▶ [SOURCE MATERIAL]
○ ○ ○ ○

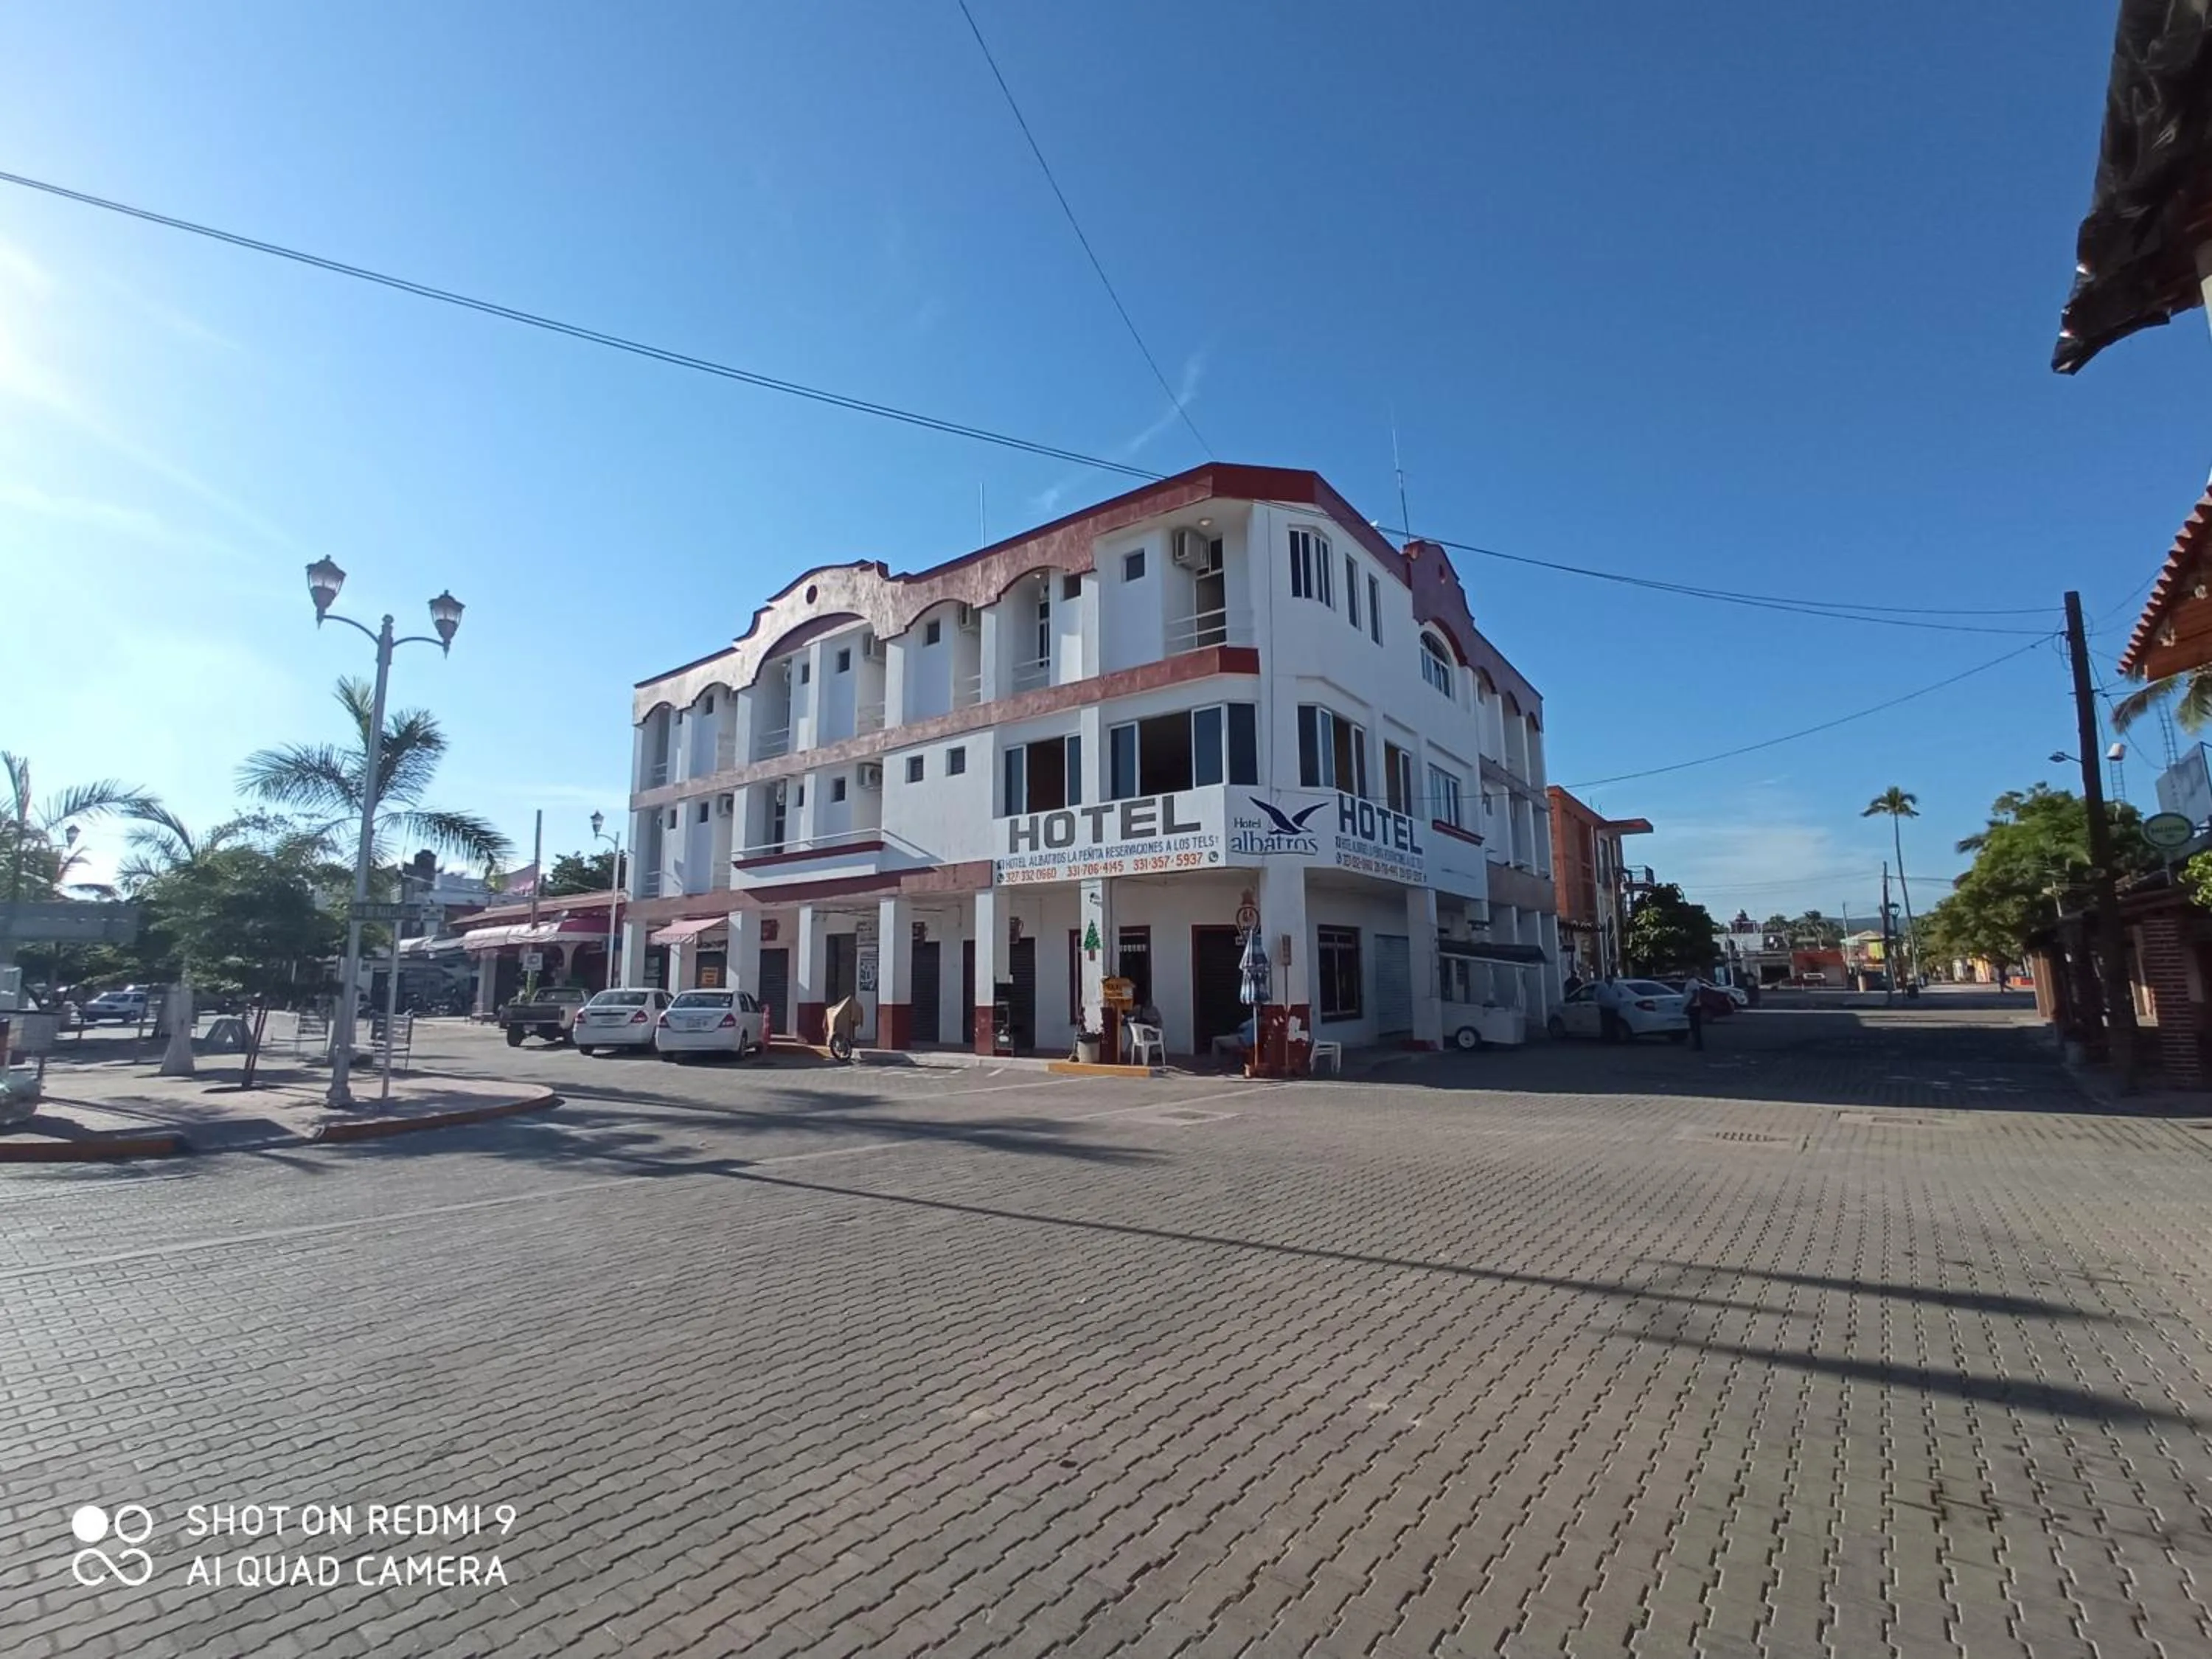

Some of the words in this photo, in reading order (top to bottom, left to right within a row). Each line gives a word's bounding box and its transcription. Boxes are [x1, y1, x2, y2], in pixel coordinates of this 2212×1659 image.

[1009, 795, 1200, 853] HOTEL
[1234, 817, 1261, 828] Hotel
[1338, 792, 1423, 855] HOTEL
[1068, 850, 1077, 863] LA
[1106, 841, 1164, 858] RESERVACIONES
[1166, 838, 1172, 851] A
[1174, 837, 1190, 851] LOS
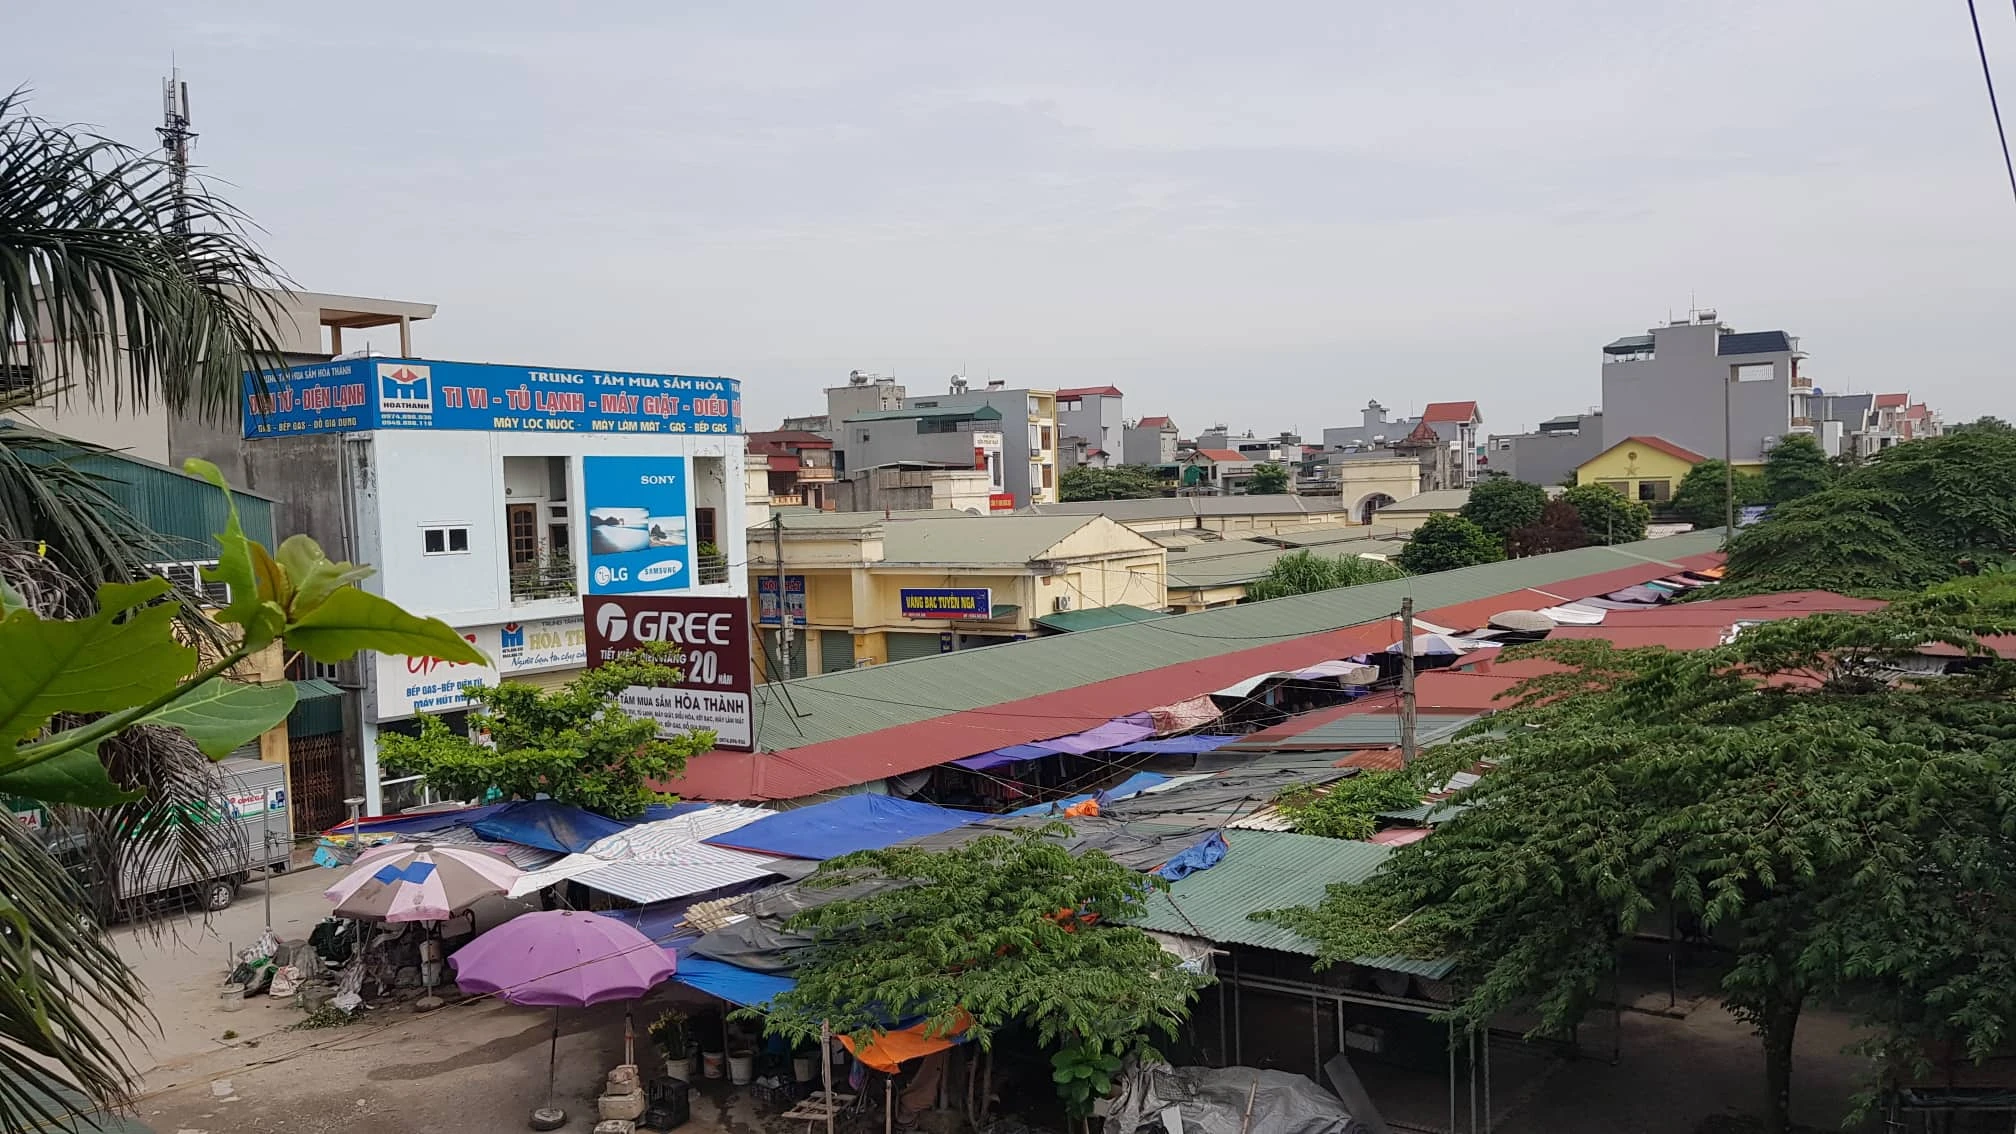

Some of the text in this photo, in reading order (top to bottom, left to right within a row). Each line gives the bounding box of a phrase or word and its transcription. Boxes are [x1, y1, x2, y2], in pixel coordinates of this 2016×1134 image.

○ ○ ○ ○

Without any of the pictures, repeat the entries above word for word.

▶ [ANSWER SECTION]
Some of the words in this photo, in reading order (top to bottom, left to right within a row). Each line gives a word's bounding box and its transcription. Boxes are [x1, y1, x2, y2], in pixel coordinates of this 2212×1659 image.

[1009, 795, 1200, 853] HOTEL
[1234, 817, 1261, 828] Hotel
[1338, 792, 1423, 855] HOTEL
[1068, 850, 1077, 863] LA
[1106, 841, 1164, 858] RESERVACIONES
[1166, 838, 1172, 851] A
[1174, 837, 1190, 851] LOS

Some of the text in this photo, in reading order (top to bottom, left to right within a row). Each line gives the bounding box of a phrase or word and its transcription. Boxes are [x1, y1, x2, y2], in pixel coordinates of this 2016×1134 image.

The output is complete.